Task requirements: An exact copy of every record below is needed, with the pictures left out.
===== Information provided
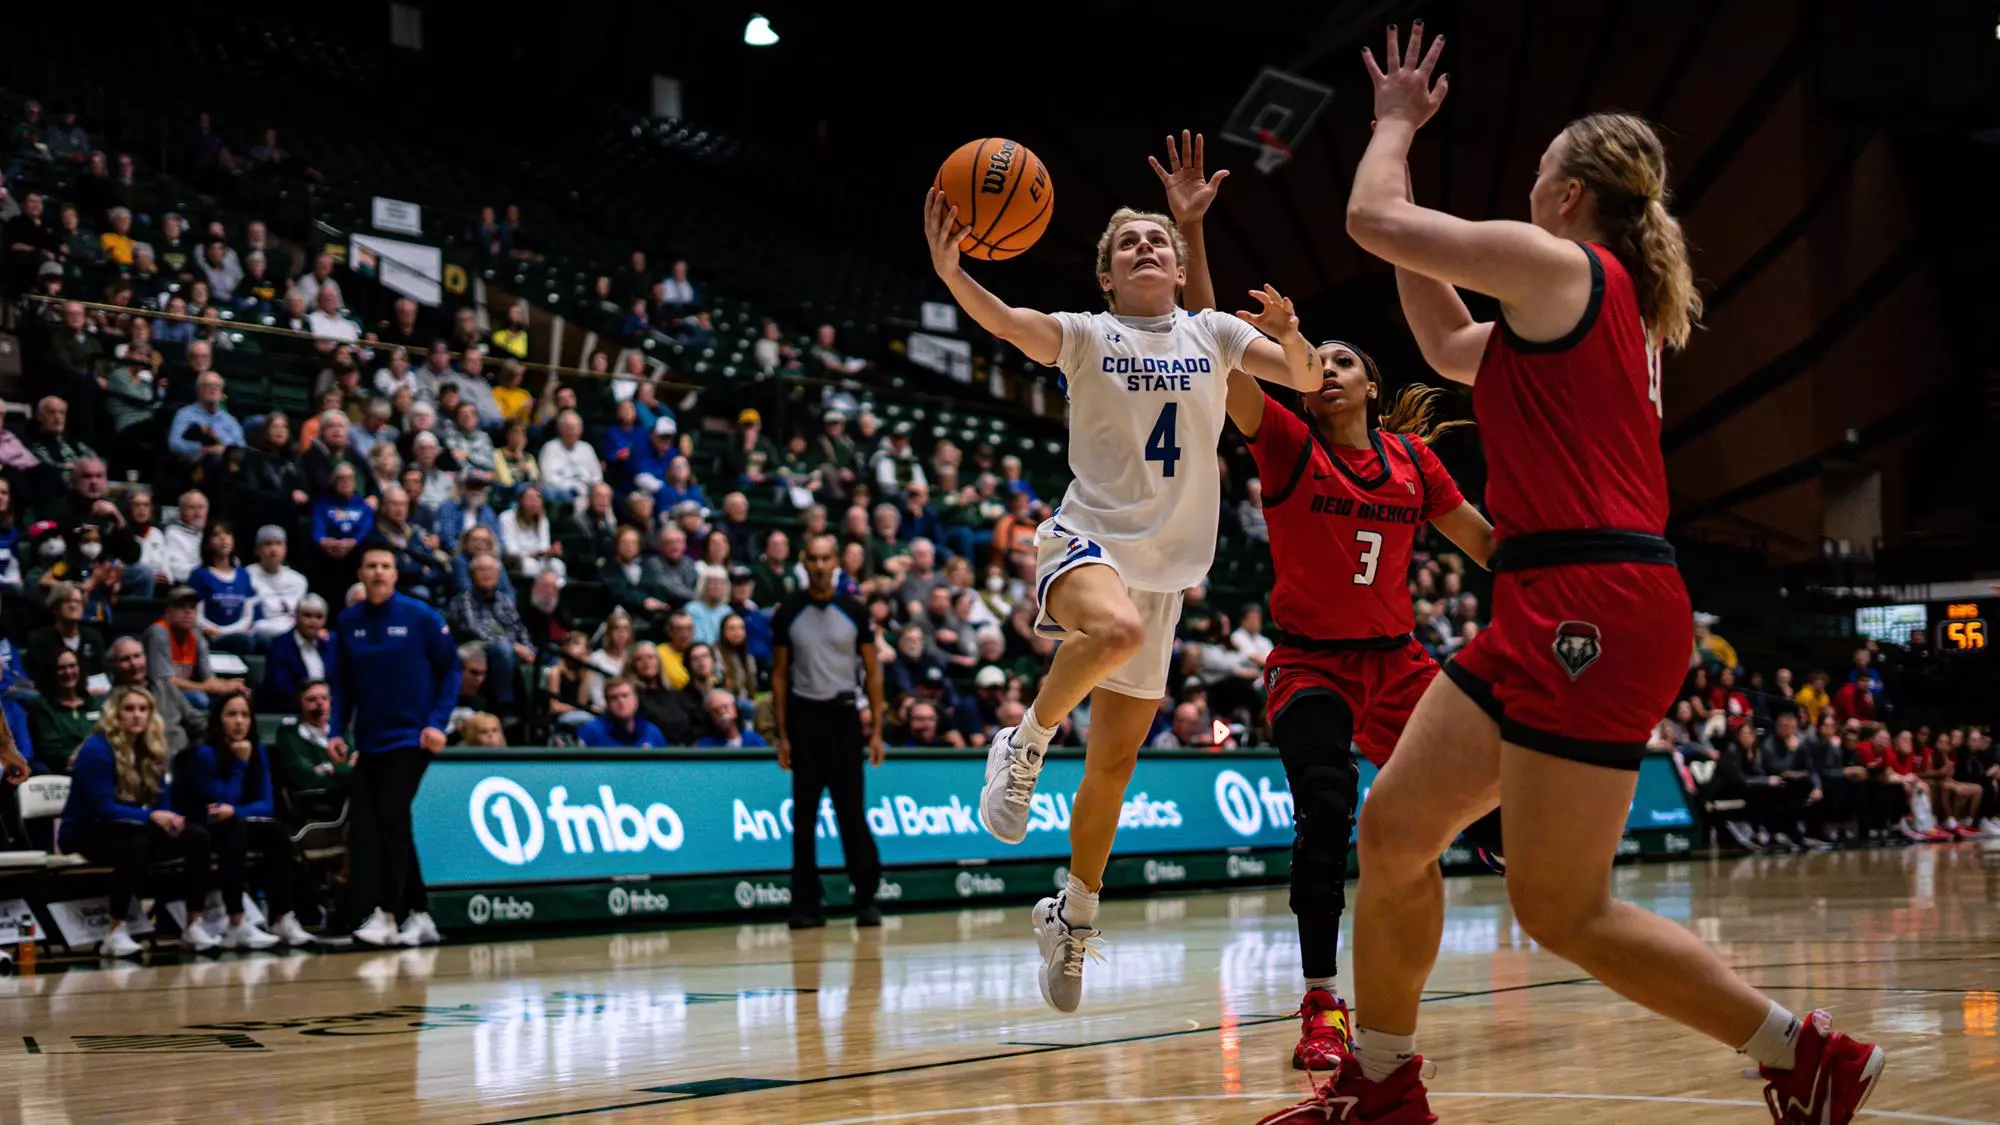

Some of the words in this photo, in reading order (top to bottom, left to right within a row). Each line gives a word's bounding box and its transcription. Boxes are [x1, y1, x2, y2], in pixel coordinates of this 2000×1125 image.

[1102, 356, 1211, 374] COLORADO
[1127, 374, 1192, 392] STATE
[1145, 402, 1182, 478] 4
[1310, 494, 1354, 517] NEW
[1352, 528, 1383, 587] 3
[547, 784, 685, 854] fnbo
[732, 798, 782, 842] An
[894, 795, 979, 836] Bank
[1027, 791, 1071, 832] SU
[493, 896, 535, 921] fnbo
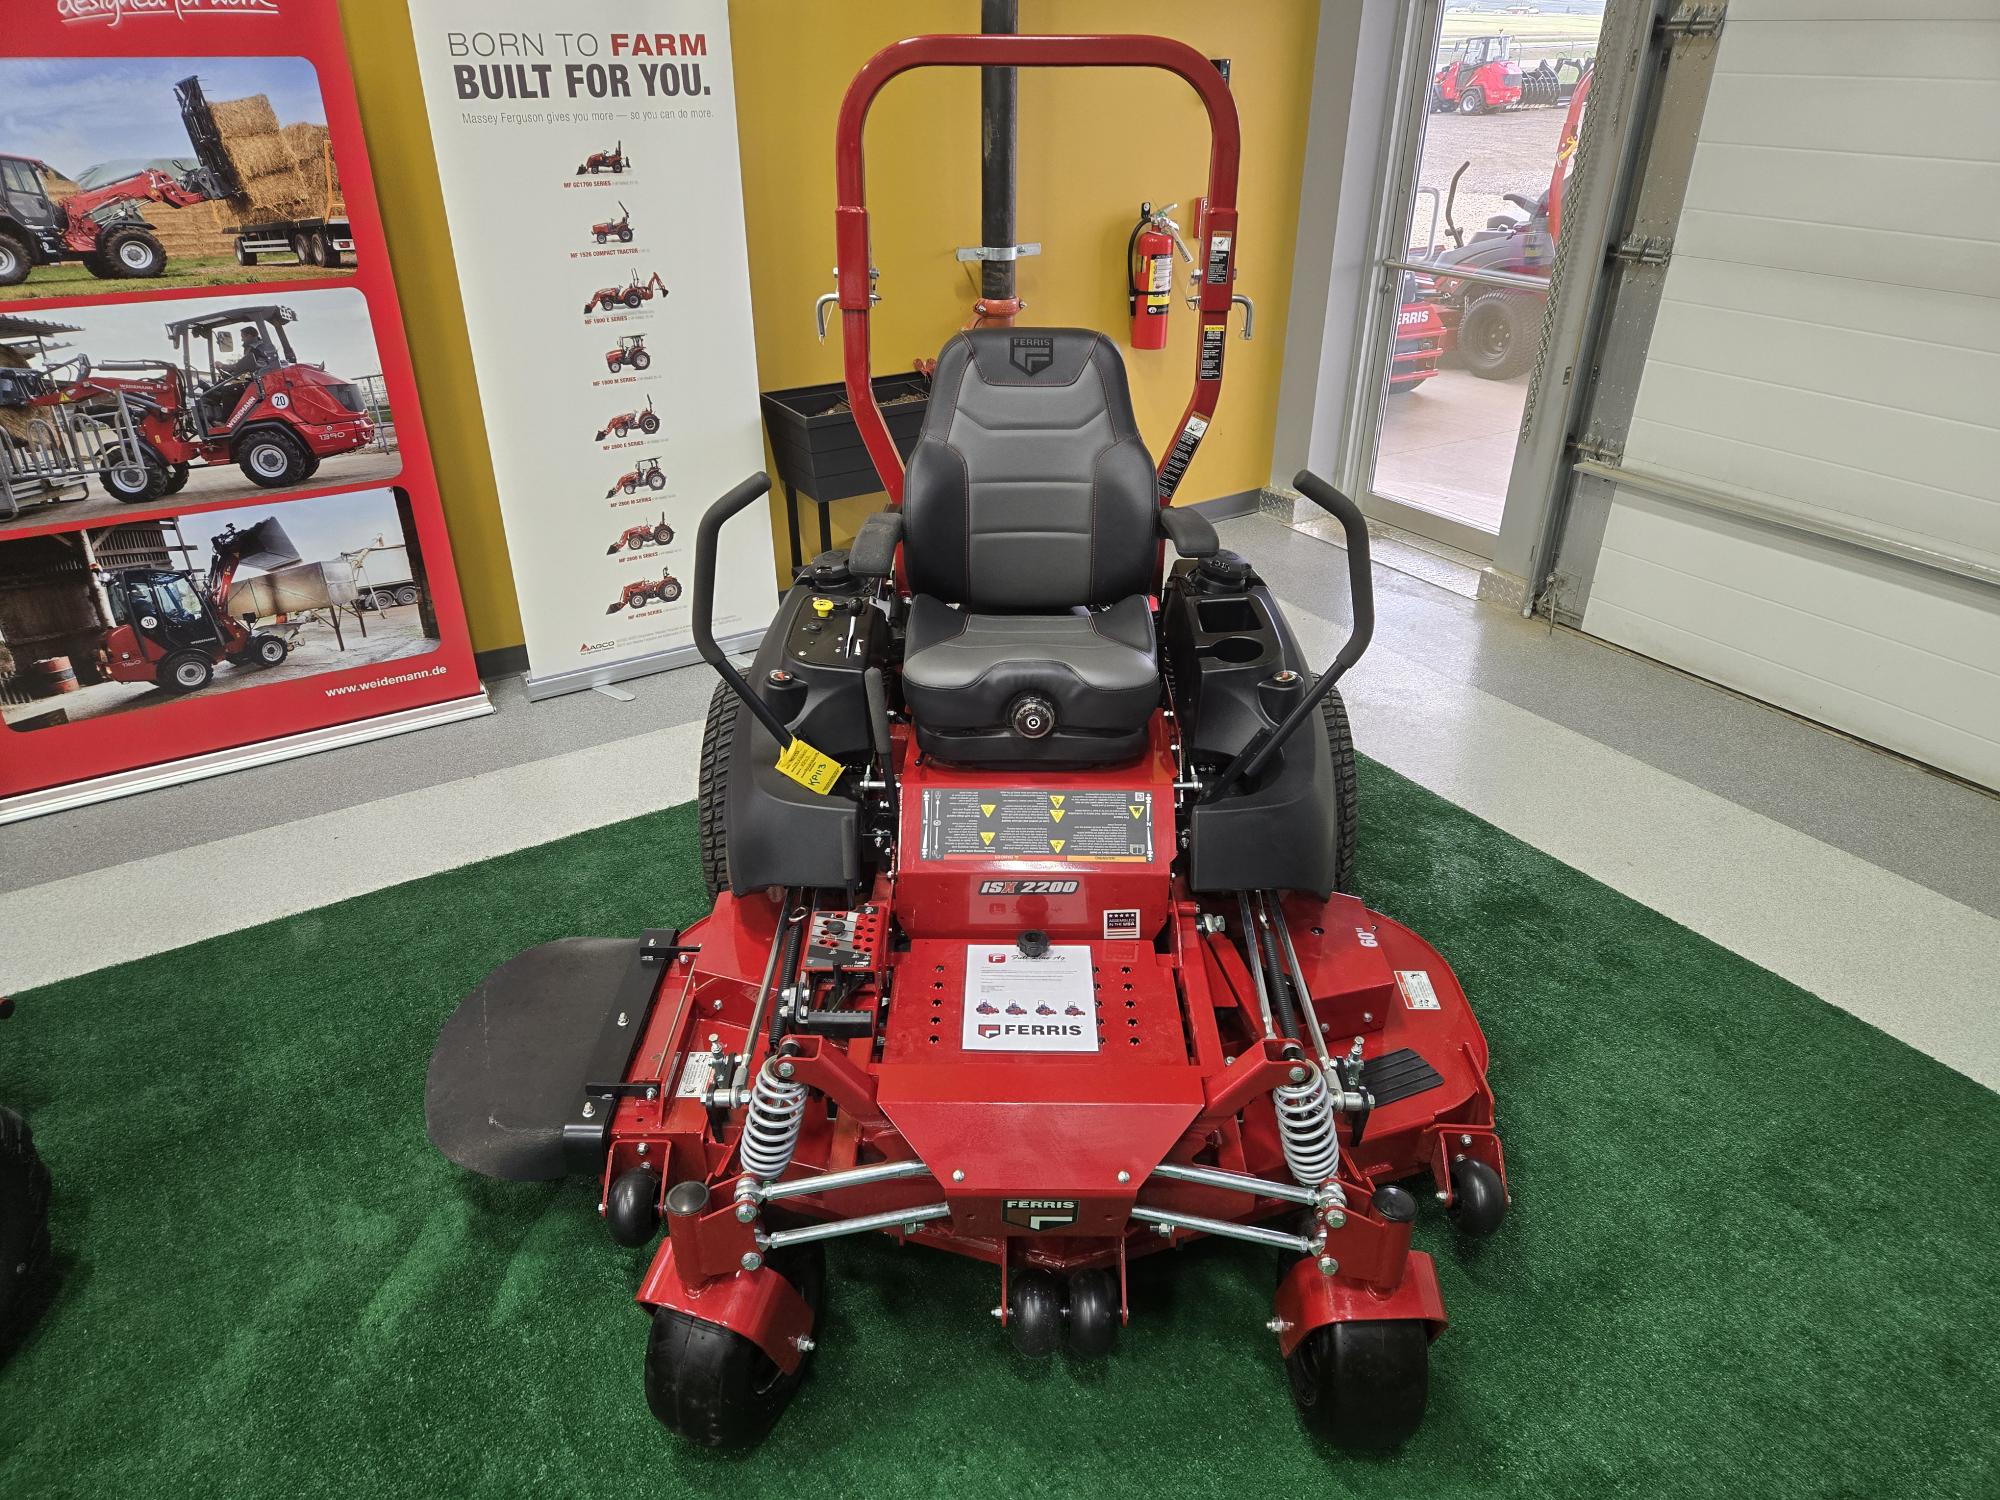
==========
Task solution:
Some of the words in this photo, in reading order (top to bottom, left to right within a row). Each line gives a word's bounding box and its transcription. Boxes are [x1, y1, x2, y2], in pixel coordinates of this 2000×1125 image.

[1102, 356, 1211, 374] COLORADO
[1127, 374, 1192, 392] STATE
[1145, 402, 1182, 478] 4
[1310, 494, 1354, 517] NEW
[1352, 528, 1383, 587] 3
[547, 784, 685, 854] fnbo
[732, 798, 782, 842] An
[894, 795, 979, 836] Bank
[1027, 791, 1071, 832] SU
[493, 896, 535, 921] fnbo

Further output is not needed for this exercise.